For years, residents had been told that the Median Tectonic Line, which runs from Kyushu to Honshu and passes just 5 km away from the Ikata plant, was not active and that there was nothing to worry about. After the April quakes, no abnormal atomic activity was reported, but residents are now worried a large quake in the area, followed by tsunami, could not only damage the plant but also make evacuation from the peninsula Ikata lies on impossible.
The restart of Ikata reactor 3, slated for Aug. 12, has put those concerns in sharp focus and raised questions about just how realistic evacuation will be in the event of a natural disaster — especially an earthquake that sends a tsunami churning toward the nearly 124,000 residents living within 30 km of the plant.
“The official evacuation plans assume emergency vehicles will have a certain degree of access to the low-lying roads on the peninsula, which are often only a few meters above sea level. But what happens if the roads are flooded by tsunami or damaged beyond use due to landslides? There are about 5,000 people on the peninsula living on the western side of the Ikata plant who might be cut off from escaping by land to the designated evacuation areas lying east of the plant,” said Tsukasa Wada, an Matsuyama-based antinuclear activist who is fighting to keep the Ikata plant closed.
In granting permission last year to restart Ikata’s No. 3 unit, Ehime Gov. Tokihiro Nakamura dismissed such concerns, saying the rock formations around the plant are strong. But the prefecture has designated 194 areas in the town of Ikata as highly susceptible to landslides.
To get to the Ikata plant from Matsuyama by car or bus also involves passing through a series of tunnels. Tunnel construction experts have testified in past lawsuits involving the plant that many of the tunnels are weak, suggesting that an earthquake could cause cave-ins, rendering them unusable.

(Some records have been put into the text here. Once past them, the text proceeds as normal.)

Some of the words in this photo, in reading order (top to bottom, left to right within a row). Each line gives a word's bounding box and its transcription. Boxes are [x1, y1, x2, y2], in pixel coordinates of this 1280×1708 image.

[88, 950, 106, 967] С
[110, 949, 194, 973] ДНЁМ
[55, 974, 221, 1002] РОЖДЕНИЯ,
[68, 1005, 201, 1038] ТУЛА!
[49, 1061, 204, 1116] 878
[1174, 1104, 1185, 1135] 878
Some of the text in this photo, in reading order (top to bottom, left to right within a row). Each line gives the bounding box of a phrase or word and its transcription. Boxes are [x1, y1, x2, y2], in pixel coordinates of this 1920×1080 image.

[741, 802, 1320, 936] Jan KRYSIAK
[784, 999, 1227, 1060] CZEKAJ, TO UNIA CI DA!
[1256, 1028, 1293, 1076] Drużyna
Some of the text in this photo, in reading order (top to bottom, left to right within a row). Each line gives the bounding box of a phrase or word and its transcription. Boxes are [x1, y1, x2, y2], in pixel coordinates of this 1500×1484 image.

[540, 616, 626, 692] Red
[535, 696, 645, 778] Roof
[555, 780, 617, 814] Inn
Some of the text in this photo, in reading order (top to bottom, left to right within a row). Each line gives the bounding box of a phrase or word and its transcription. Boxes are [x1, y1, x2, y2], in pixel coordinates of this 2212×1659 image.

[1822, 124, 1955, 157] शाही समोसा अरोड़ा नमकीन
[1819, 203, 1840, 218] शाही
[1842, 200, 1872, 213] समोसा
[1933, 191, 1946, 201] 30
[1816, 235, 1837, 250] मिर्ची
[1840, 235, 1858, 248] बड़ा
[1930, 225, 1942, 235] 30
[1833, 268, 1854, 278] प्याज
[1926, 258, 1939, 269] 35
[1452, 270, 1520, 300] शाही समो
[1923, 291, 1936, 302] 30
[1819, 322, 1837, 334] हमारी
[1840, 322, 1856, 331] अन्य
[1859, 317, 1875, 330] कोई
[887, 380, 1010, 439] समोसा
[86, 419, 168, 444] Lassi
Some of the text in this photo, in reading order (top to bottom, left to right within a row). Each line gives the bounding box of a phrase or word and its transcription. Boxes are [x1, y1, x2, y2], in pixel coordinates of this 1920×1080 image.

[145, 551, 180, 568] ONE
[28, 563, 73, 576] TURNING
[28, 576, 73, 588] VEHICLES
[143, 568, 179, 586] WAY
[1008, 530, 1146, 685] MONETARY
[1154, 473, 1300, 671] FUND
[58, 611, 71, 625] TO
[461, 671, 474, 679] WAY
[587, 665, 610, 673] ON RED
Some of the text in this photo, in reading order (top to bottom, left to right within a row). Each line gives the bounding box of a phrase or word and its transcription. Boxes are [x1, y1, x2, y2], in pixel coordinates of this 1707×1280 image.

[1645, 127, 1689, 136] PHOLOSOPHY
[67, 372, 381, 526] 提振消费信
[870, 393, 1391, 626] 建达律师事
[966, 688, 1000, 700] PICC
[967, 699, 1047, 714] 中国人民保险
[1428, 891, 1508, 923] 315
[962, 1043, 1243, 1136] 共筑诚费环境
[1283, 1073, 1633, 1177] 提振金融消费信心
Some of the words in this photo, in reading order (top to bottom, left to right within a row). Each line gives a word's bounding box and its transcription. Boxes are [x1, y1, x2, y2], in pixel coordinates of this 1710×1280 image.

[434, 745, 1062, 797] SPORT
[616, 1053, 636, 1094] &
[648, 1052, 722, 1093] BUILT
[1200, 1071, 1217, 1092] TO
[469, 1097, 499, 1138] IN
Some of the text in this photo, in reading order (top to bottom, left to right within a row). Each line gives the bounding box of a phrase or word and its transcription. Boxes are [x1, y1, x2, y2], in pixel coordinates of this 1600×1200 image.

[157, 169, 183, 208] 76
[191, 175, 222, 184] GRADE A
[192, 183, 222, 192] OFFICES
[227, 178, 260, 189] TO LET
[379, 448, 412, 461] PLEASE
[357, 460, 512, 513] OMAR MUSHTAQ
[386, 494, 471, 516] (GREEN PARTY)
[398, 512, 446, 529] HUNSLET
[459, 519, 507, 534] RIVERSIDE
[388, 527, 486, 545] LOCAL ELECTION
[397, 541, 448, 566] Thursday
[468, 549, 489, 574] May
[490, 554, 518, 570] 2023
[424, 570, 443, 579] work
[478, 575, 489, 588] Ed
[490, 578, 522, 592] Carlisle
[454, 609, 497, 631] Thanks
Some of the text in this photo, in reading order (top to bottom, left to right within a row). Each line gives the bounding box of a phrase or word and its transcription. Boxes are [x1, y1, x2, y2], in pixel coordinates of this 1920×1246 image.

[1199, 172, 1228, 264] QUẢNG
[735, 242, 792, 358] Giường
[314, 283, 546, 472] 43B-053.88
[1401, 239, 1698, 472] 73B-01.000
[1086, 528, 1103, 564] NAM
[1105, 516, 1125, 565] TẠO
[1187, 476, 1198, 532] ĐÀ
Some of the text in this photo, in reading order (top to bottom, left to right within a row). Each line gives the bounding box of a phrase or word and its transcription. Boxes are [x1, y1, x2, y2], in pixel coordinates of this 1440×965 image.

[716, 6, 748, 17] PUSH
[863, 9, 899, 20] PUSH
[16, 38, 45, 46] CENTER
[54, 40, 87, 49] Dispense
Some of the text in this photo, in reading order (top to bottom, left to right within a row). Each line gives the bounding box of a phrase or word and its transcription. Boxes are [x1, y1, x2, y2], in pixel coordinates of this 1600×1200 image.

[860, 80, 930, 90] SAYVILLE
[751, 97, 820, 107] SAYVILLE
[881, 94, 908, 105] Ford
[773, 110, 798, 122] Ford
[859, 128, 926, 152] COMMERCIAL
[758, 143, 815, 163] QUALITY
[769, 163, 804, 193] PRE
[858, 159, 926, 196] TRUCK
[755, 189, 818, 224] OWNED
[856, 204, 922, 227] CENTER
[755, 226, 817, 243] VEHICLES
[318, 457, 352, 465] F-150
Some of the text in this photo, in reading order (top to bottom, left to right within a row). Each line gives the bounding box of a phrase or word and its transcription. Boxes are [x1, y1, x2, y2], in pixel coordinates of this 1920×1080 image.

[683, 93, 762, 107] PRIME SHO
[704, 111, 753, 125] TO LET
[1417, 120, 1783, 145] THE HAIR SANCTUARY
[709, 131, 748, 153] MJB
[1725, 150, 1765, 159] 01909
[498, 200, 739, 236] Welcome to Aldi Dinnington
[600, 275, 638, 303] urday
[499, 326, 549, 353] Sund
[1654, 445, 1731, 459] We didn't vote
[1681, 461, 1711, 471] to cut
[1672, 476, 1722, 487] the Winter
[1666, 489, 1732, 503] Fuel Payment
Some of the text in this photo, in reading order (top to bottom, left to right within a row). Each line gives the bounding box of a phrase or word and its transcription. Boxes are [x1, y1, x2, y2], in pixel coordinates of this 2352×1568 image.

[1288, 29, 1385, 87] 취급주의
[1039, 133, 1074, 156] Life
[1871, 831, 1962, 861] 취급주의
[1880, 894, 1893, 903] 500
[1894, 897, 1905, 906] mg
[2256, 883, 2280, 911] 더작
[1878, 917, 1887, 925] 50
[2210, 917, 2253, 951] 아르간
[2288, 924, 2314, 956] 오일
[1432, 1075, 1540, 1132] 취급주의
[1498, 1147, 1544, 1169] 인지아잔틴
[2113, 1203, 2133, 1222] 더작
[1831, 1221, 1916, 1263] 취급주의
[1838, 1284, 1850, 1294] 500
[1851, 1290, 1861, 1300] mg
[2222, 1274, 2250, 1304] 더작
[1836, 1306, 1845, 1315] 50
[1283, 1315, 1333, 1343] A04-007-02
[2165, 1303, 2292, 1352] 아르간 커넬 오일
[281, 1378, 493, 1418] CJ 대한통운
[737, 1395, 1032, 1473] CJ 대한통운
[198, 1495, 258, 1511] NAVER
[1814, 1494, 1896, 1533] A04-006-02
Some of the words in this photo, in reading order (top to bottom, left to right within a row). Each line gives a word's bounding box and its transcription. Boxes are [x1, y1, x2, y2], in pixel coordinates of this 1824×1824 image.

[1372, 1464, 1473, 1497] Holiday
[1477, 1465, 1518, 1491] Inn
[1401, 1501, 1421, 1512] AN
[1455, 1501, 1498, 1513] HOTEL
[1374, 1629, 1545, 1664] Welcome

The central government and the prefecture are aware that land evacuations alone could prove impossible. So the official plans also include evacuations by air and, most controversially, by sea. The plans assume there is time to evacuate by sea before radiation from the plant spreads, and that ships can dock at nearby ports even if the peninsula’s main access road has been destroyed by a quake, tsunami, or both.
The April quakes in Kumamoto led to fears in neighboring Kagoshima Prefecture about running the two reactors at Kyushu Electric Power Co.’s Sendai plant. That helped fuel the election last month of Gov. Satoshi Mitazono, who is against nuclear power and has said he’ll try to shut down the two Sendai reactors.
But in late July, Ehime Gov. Nakamura insisted that, despite the results in Kagoshima and growing concerns in Ehime, where an opinion poll by the daily Ehime Shimbun in July found 54 percent of respondents opposed to the restart, he had no intention of canceling or postponing it to revisit the issues of the plant’s safety or the evacuation plans.
“The conditions are different in each of the different areas where nuclear power plants are located, as is the age of the reactors in each area and their structure. You can’t compare them. In particular, for the process leading up to restarts, the approach and system is different for each area, with different plans for evacuation,” Nakamura told reporters at a regular press briefing.
But even a Shikoku Electric Power Co. survey in late May and early June of nearly 28,000 households lying within 20 km of the Ikata plant showed that, compared with a similar survey last year, more people were skeptical of safety assurances and fewer were convinced of the need for nuclear power. Shikoku Electric admits that the Kumamoto earthquakes probably influenced this year’s results.